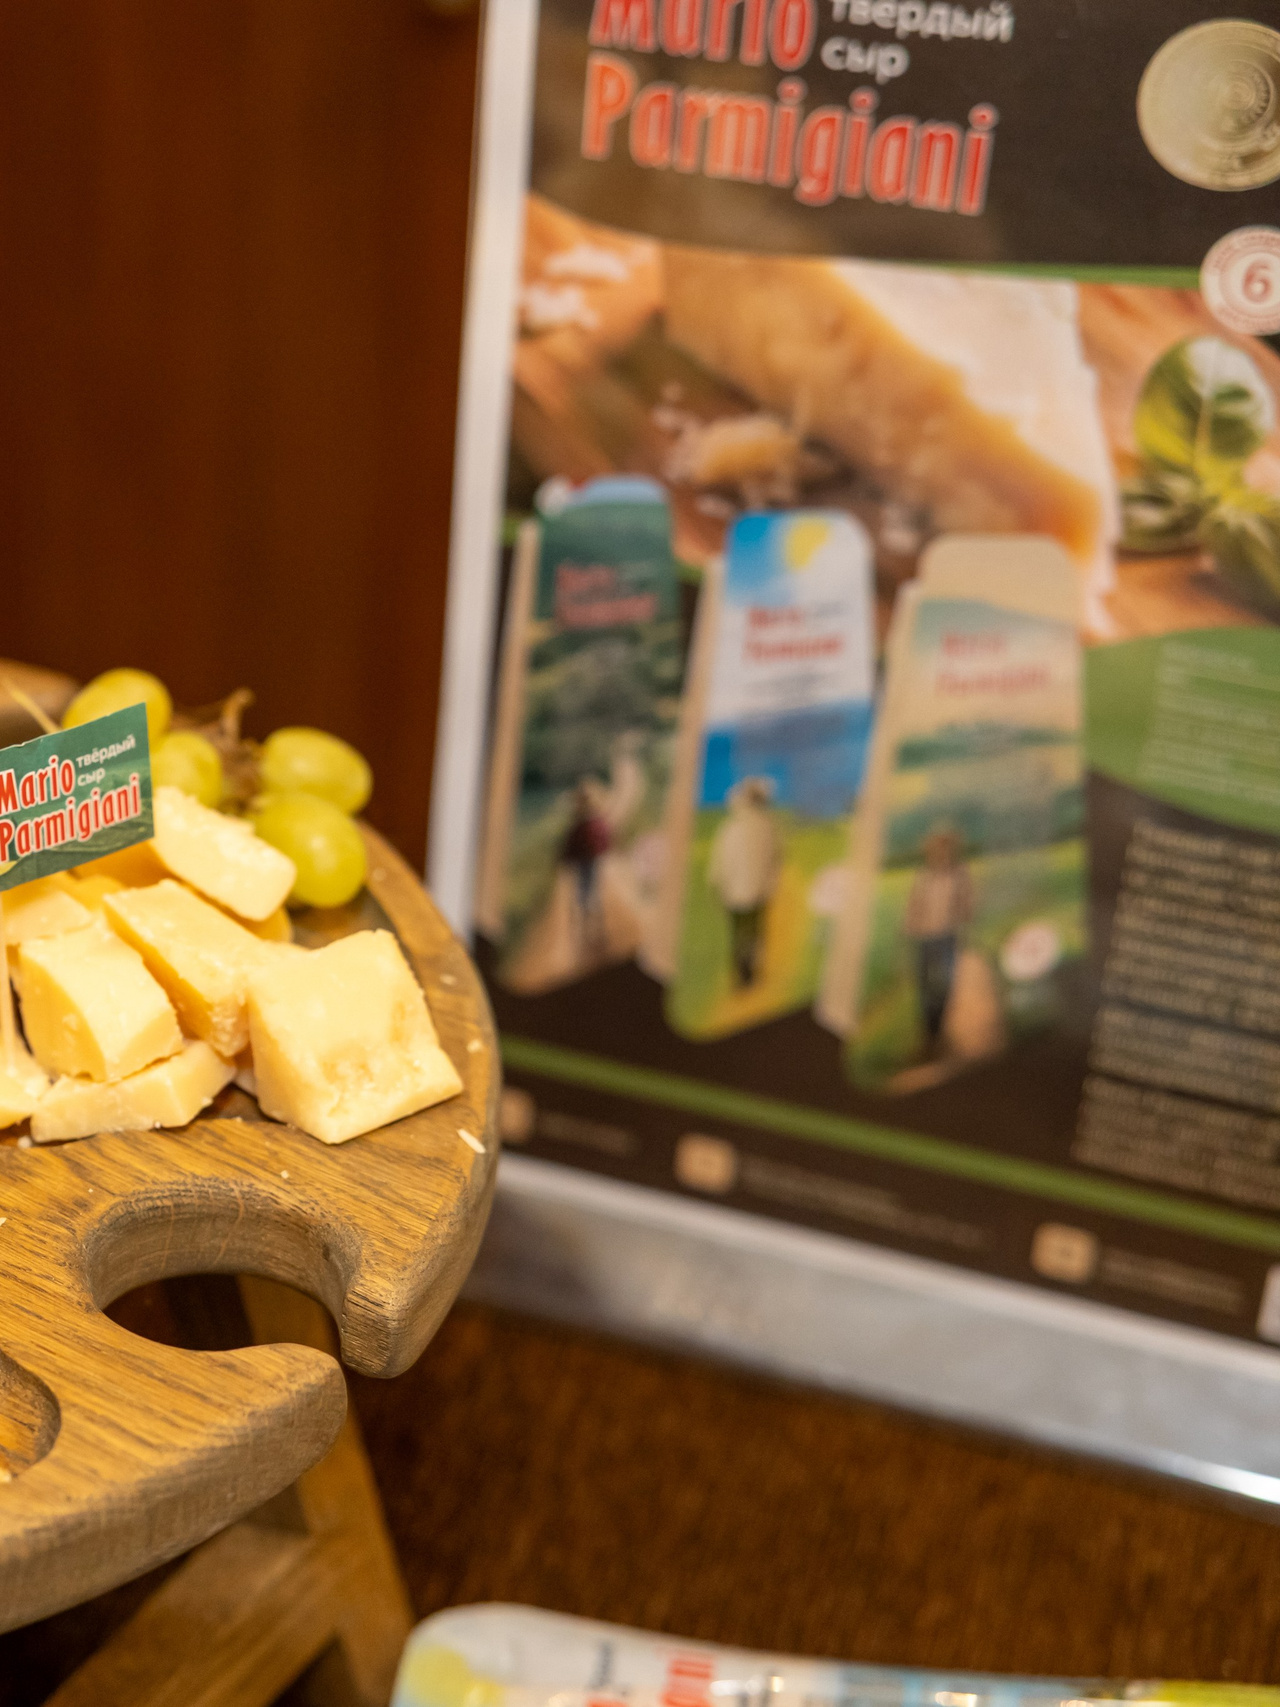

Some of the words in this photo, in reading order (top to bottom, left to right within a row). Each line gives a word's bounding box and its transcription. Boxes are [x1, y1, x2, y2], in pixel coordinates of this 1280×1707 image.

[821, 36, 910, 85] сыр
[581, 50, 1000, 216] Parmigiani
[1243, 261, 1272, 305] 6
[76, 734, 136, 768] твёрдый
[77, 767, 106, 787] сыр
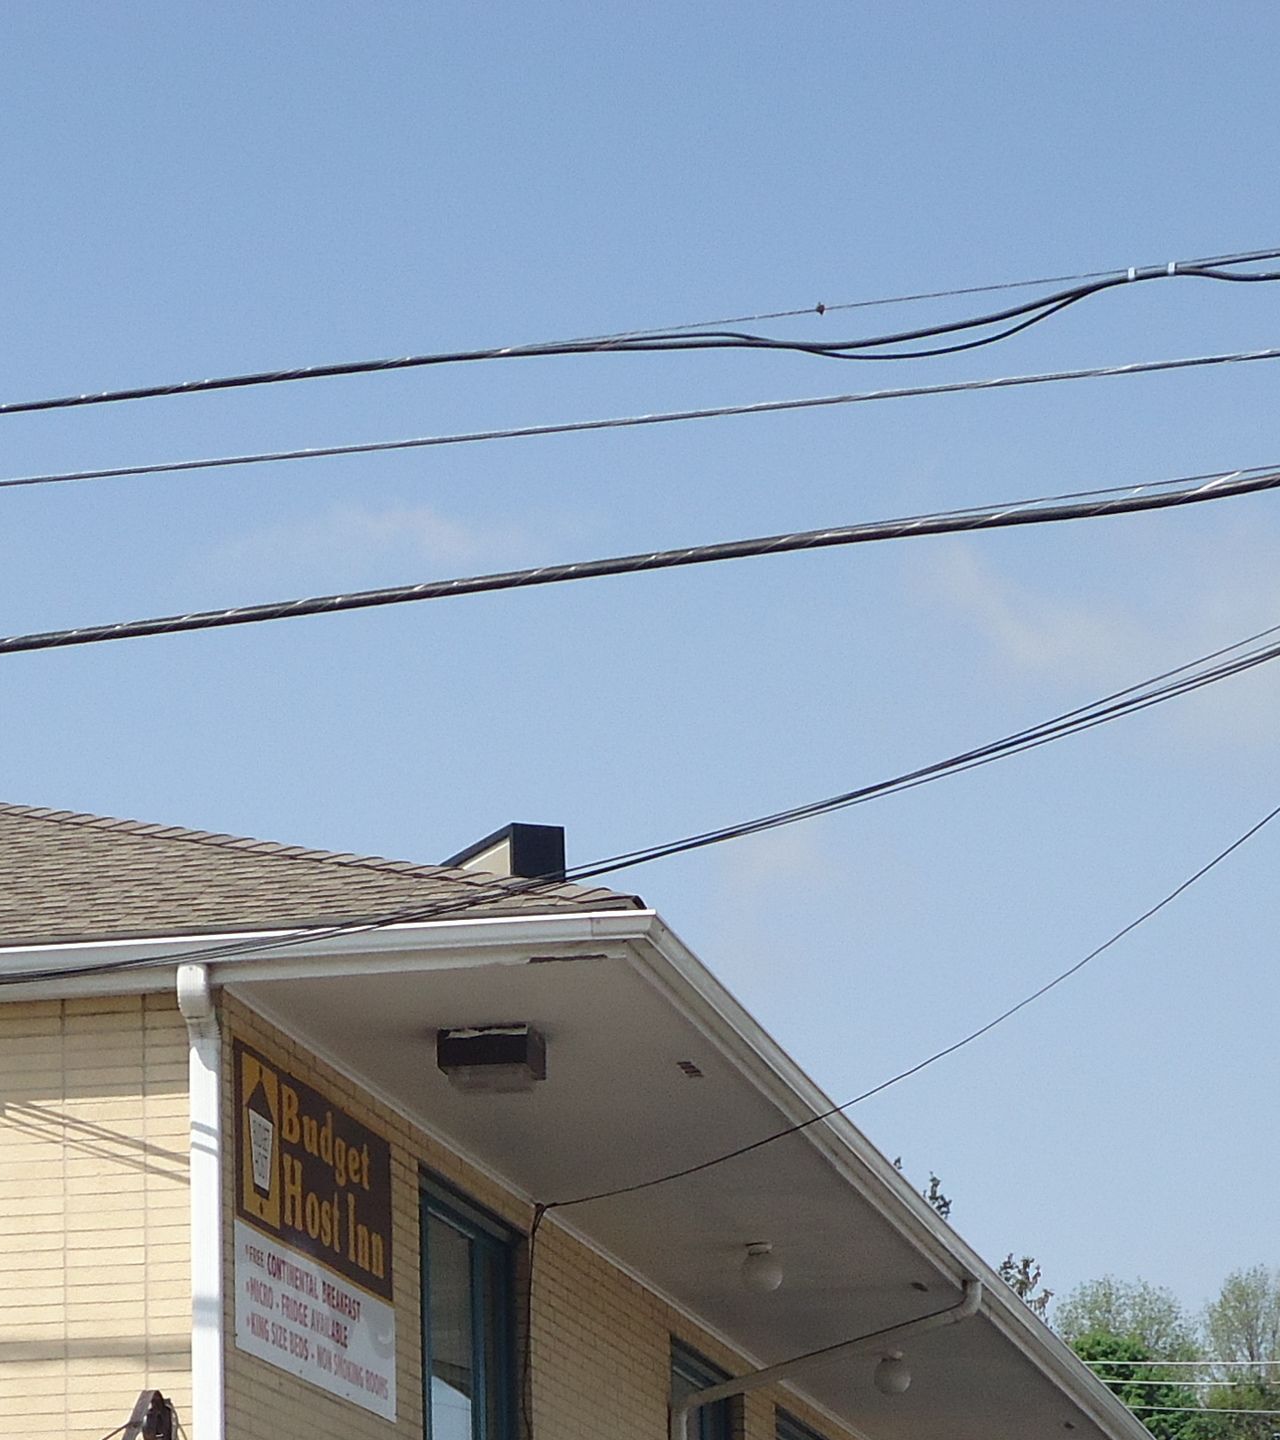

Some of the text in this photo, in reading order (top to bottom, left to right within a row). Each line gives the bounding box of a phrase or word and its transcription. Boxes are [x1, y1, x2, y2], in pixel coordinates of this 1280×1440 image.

● TASK STATEMENT:
The listing above is to be set down word for word, without its images.

● TASK ANSWER:
Some of the words in this photo, in reading order (top to bottom, left to right within a row). Each line gives a word's bounding box and its transcription. Boxes are [x1, y1, x2, y2], in pixel coordinates of this 1280×1707 image.

[821, 36, 910, 85] сыр
[581, 50, 1000, 216] Parmigiani
[1243, 261, 1272, 305] 6
[76, 734, 136, 768] твёрдый
[77, 767, 106, 787] сыр

Some of the text in this photo, in reading order (top to bottom, left to right within a row). Each line gives the bounding box of a phrase or word and its transcription. Boxes are [x1, y1, x2, y2], in pixel coordinates of this 1280×1440 image.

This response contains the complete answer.